Determining Filing Status

Filing Status

The tax rates that will apply and the amount of standard deduction available to an individual taxpayer is based on the filing status. 

StatusCriteria
Single

Taxpayer (You) can check “Single” on the tax return if any of the following was true at the end of the taxation year.

  • You were never married.
  • You were legally separated.
  • You were widowed before current taxation year.
Married Filing Jointly 

Taxpayer (You) can check “Married Filing Jointly” on the tax return if any of the following was true at the end of the taxation year.

  • You were married at the end of the taxation year.
  • You became a widow(er) during the current taxation year.
  • Both spouses are citizens/greencard holders/resident aliens. There is an exception to this rule as discussed in next status.

A married couple will jointly report their combined income and combined expenses on the tax return.

They can file a joint return even if only one had income or if they didn’t live together all year.

Once taxpayer file a joint return, they can’t choose to file separate returns for that year after the due date of the return.

Both spouses must sign the return.

Both spouses are responsible for tax and interest or penalties on the return. 

Starting with 2013 tax year the IRS recognizes same -sex marriages.

Married Filing Jointly – One spouse is a non-resident

Generally, a taxpayer cannot file a married filing joint return if either spouse is a non-resident alien at anytime during the year. However,  a non-resident/dual status spouse can elect to be treated as a resident alien and file a joint return.

If both spouses are non-resident aliens, then they are not allowed to file a joint return. 

Married Filing Separately

Taxpayer (You) can check “Married Filing Separately” on the tax return if any of the following was true at the end of the taxation year.

  • You were married and you don’t want to file a joint tax return. (Generally, it is always better to file a joint tax return)
  • You and your spouse are both non-resident aliens. 
  • Your spouse is a non-resident alien and does not elect to be considered a resident alien and file a joint tax return. 

You will pay more tax than if you use another filing status for which you qualify. Also, if you file a separate return, you can’t take the education credits, the student loan interest deduction, or the earned income credit.
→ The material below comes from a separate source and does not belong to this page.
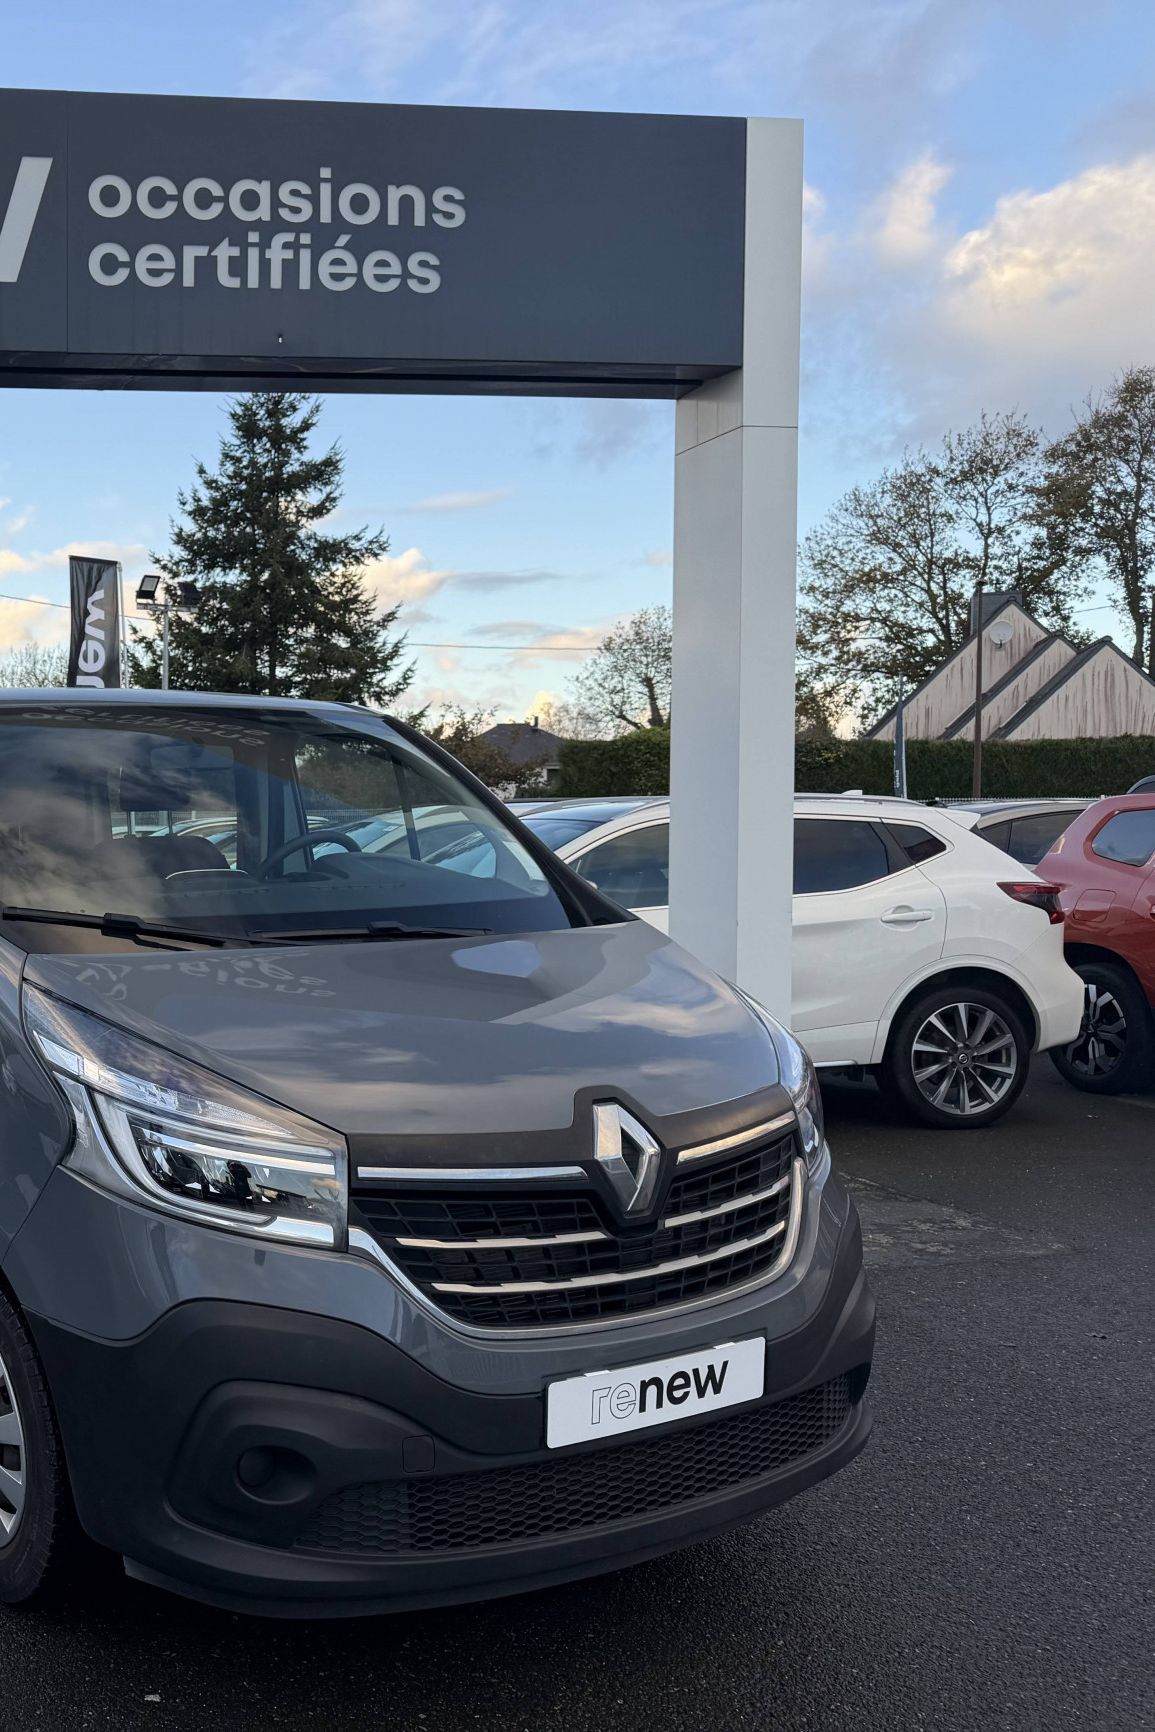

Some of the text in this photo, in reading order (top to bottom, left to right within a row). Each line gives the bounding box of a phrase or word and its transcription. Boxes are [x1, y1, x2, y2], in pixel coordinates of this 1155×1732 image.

[88, 167, 466, 228] occasions
[88, 231, 441, 293] certifiées
[591, 1360, 729, 1425] renew
You also can’t take the standard deduction if your spouse itemizes deductions

Head of Household

Taxpayer (You) can check “Head of Household” on the tax return if any of the following was true at the end of the taxation year.

You have lived with a qualified dependent and meet one of the conditions below:

  • You were legally separated at the end of taxation year.
  • You are married to a nonresident alien at any time during the year and you don’t choose to treat him or her as a resident alien to file a joint tax return.
  • You were considered married person who live apart.
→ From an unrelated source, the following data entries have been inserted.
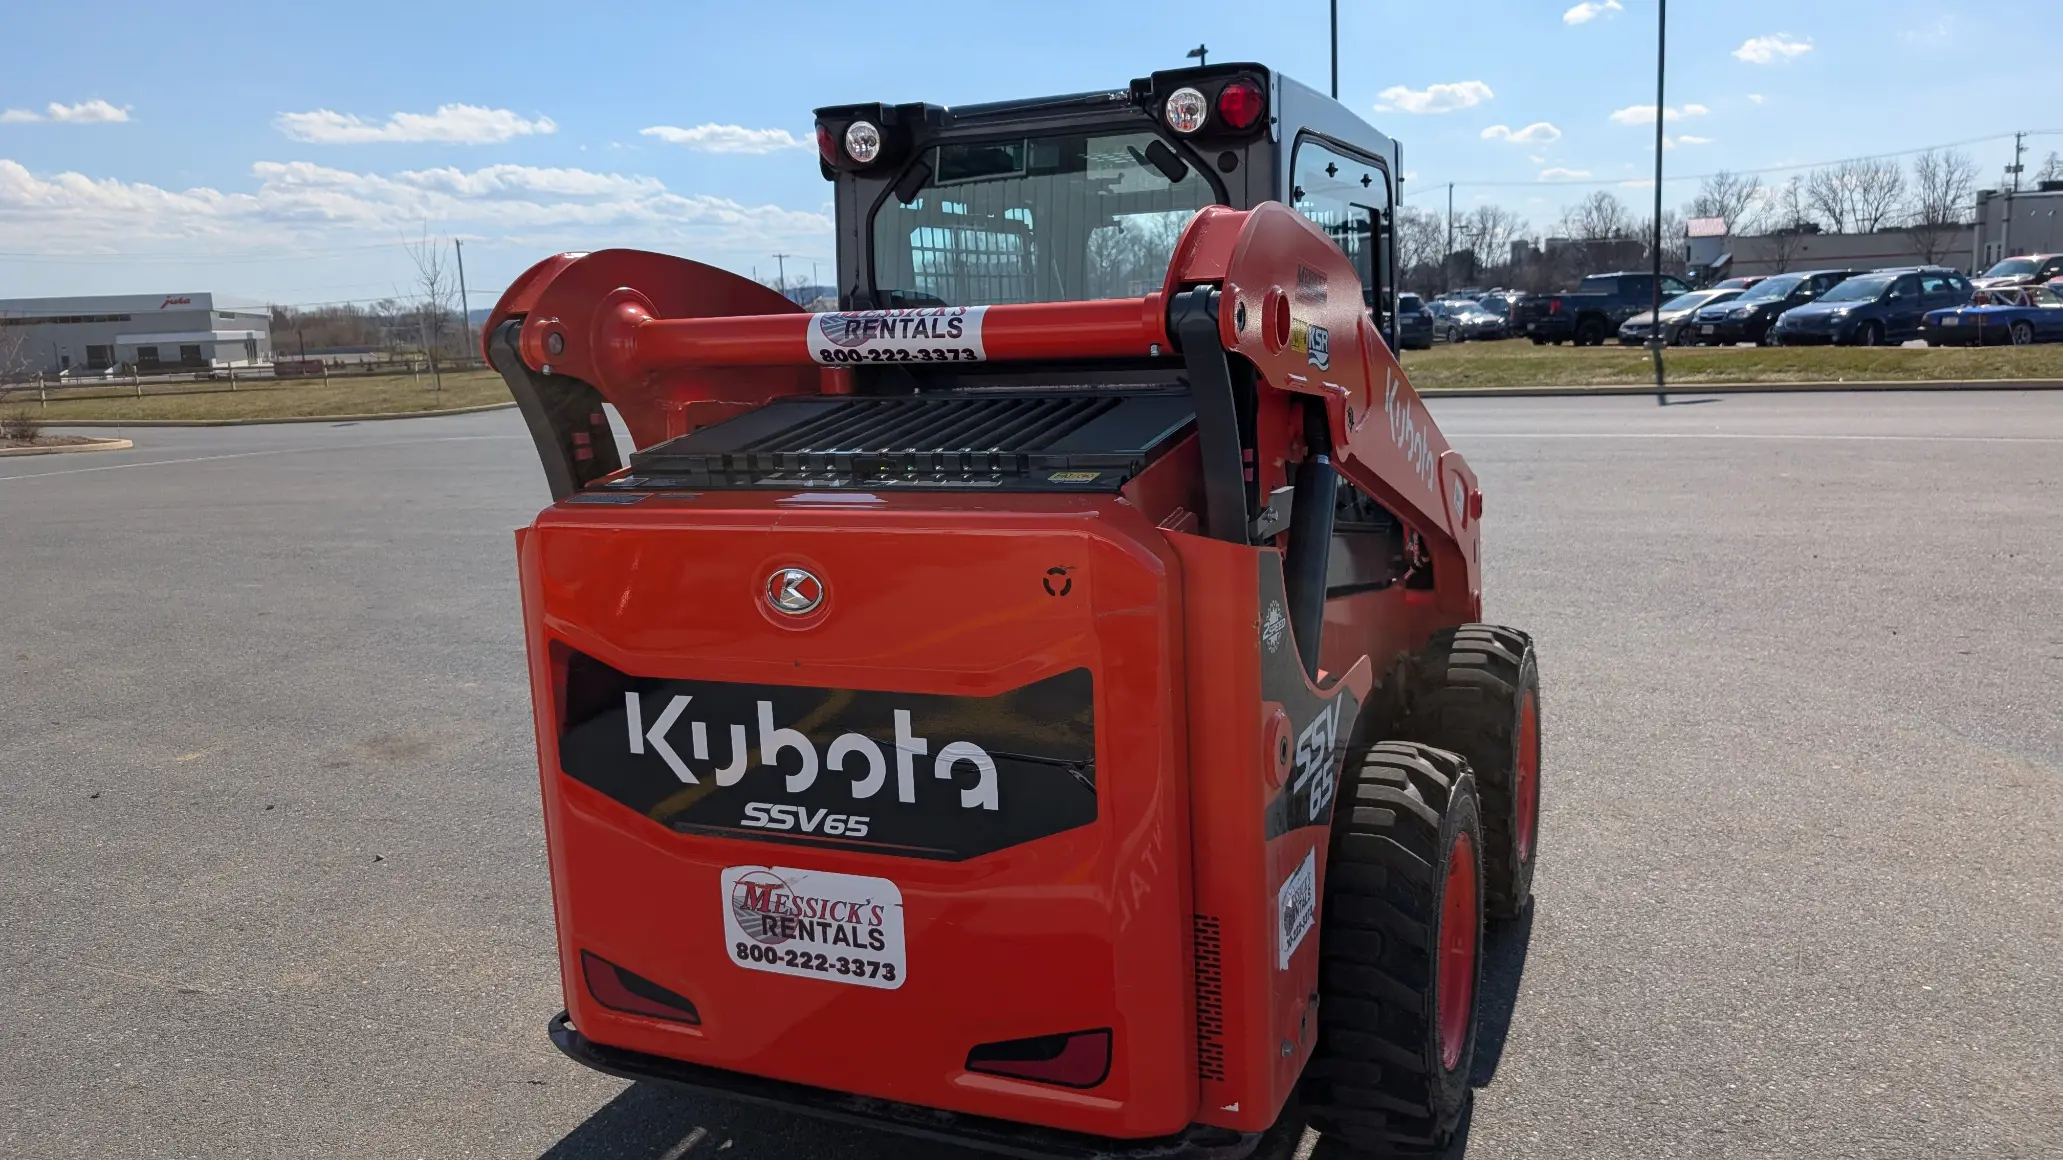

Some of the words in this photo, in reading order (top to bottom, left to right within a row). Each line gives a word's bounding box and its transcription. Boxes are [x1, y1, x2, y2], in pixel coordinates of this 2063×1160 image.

[844, 317, 964, 340] RENTALS
[1309, 326, 1328, 352] KSR
[819, 348, 978, 363] 800-222-3373
[1385, 366, 1434, 492] Kubota
[625, 691, 999, 811] Kubota
[1294, 692, 1342, 795] SSV
[1309, 755, 1334, 821] 65
[740, 802, 870, 837] SSV65
[735, 881, 885, 927] MESSICK'S
[761, 914, 886, 951] RENTALS
[735, 942, 896, 982] 800-222-3373
Generally, a qualified dependent for whom you pay more than 50% of the household costs and includes a dependent child or relative who lives with you, or for a dependent parent even if he or she doesn’t live with you.

 Qualifying Widow(er)

 Taxpayer (You) can check “Head of Household” on the tax return if all of the following was true at the end of the taxation year.

  • Your spouse died in one of the previous two taxation years and you didn’t remarry before the end of the current taxation year.

  • You have a child or stepchild who you can claim as a dependent except if the child had gross income of more than $4,150 (2018 limit), filed a joint return, or you could be claimed as a dependent on someone else’s return.

  • This child lived in your home for all the taxation year.

  • You paid more than 50% of household cost.

  • You could have filed a joint return with your spouse the year he or she died.